Since last summer the Defense Department has been using the runway and airspace at the Syracuse Hancock International Airport to train drone operators, who work at the adjoining Air National Guard base. Officials say it’s the first time that the federal government has allowed military drones to utilize a commercial airport. It won’t be the last time.

No longer will the pilots who steer drones and fire missiles while staring at computer screens be confined to remote areas like the Nevada desert. With scant public information or debate, sizable American communities are becoming enmeshed in drone warfare on other continents. Along the way, how deeply will we understand — in human terms — what the drone war is doing to people far away? And to us?

Seen But Not Seen

The takeoffs and landings of military drones at the Syracuse airport get little attention in New York’s fifth-largest city. Already routine, the maneuvers are hardly noticed. In an elevator at a hotel near the airport, I mentioned the Reaper drone exercises to an American Airlines flight attendant who had just landed on the same runway as the drones. “I had no idea,” she said.

Drone “pilots” launch an MQ-1 Predator unmanned aerial vehicle for a raid in the Middle East. (U.S. military photo)

The Reaper drones using the Syracuse runway are unarmed, the Air Force says. But when trainees go operational, their computer work includes aiming and launching Hellfire missiles at targets many thousands of miles away.

Despite the official claims that drone strikes rarely hit civilians, some evidence says otherwise. For example, leaked classified documents (obtained by The Intercept) shed light on a series of U.S. airstrikes codenamed Operation Haymaker. From January 2012 to February 2013, those drone attacks in northeast Afghanistan killed more than 200 people, but only about one-sixth of them were the intended targets.

Even without a missile strike, there are traumatic effects of drones hovering overhead. The former New York Times reporter David Rohde has described what he experienced during captivity by the Taliban in tribal areas of Pakistan: “The drones were terrifying. From the ground, it is impossible to determine who or what they are tracking as they circle overhead. The buzz of a distant propeller is a constant reminder of imminent death.”

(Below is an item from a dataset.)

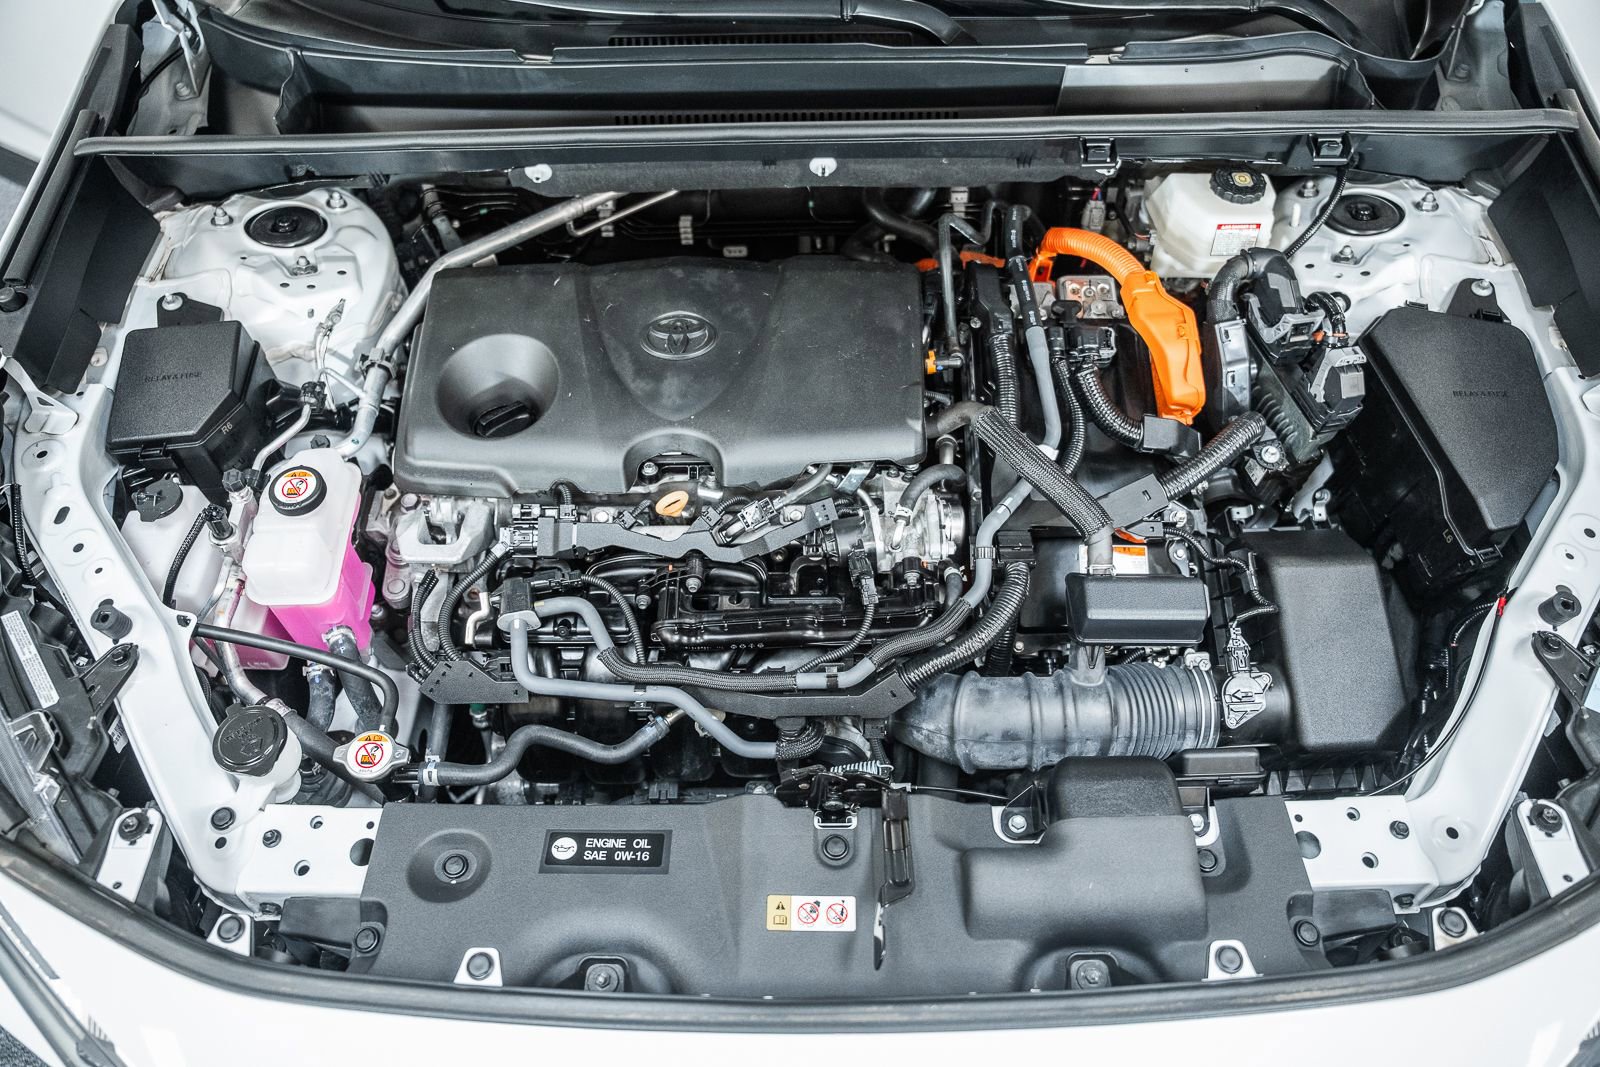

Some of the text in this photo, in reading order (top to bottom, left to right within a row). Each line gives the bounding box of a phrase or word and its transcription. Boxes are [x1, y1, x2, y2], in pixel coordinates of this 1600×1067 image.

As civic leaders in Syracuse and elsewhere embrace the expanding domestic involvement in day-to-day drone warfare, clear mention of the human toll far away is almost taboo. Elected officials join with business groups and public-relations officers from the military in extolling the benefits and virtues. Rarely does anyone acknowledge that civilians are maimed and killed as a result of the extolled activities, or that — in the name of a “war on terror” — people in foreign lands are subjected to the airborne presence of drones that is (to use Rohde’s word) “terrifying.”

Such matters are a far cry from Syracuse, where the local airport’s role in drone warfare is visible yet virtually unseen. My random conversations with dozens of Syracuse residents in many walks of life turned up scant knowledge or concern about the nearby drone operations. What’s front and center is the metropolitan area’s economic distress.

Unlike the well-financed Air National Guard base, the city’s crumbling infrastructure and budgets for relieving urban blight are on short rations. When I talked with people in low-income neighborhoods of Syracuse — one of the poorest cities in the United States — despair was often unmistakable. A major study by the Century Foundation identified Syracuse as the city with the highest concentrations of poverty among African-Americans and Hispanics in the United States. Locally, the latest influx of federal largesse is for the drone war, not for them.

Opposing the Drones

A group called Upstate Drone Action has been protesting at the Air National Guard base on the outskirts of Syracuse with frequent vigils and persistent civil disobedience. A recent demonstration, on Good Friday, included nine arrests.

A collection of “unmanned aerial vehicles” or military drones. (Photo credit: U.S. Navy, by Photographer’s Mate 2nd Class Daniel J. McLain )

The participants said in a joint statement: “What if our country were constantly being spied upon by drones, with some of us killed by drones? What if many bystanders, including children, were killed in the process? If that were happening, we would hope that some people in that attacking country would speak up and try to stop the killing. We’re speaking up to try and stop the illegal and immoral drone attacks on countries against which Congress has not declared war.”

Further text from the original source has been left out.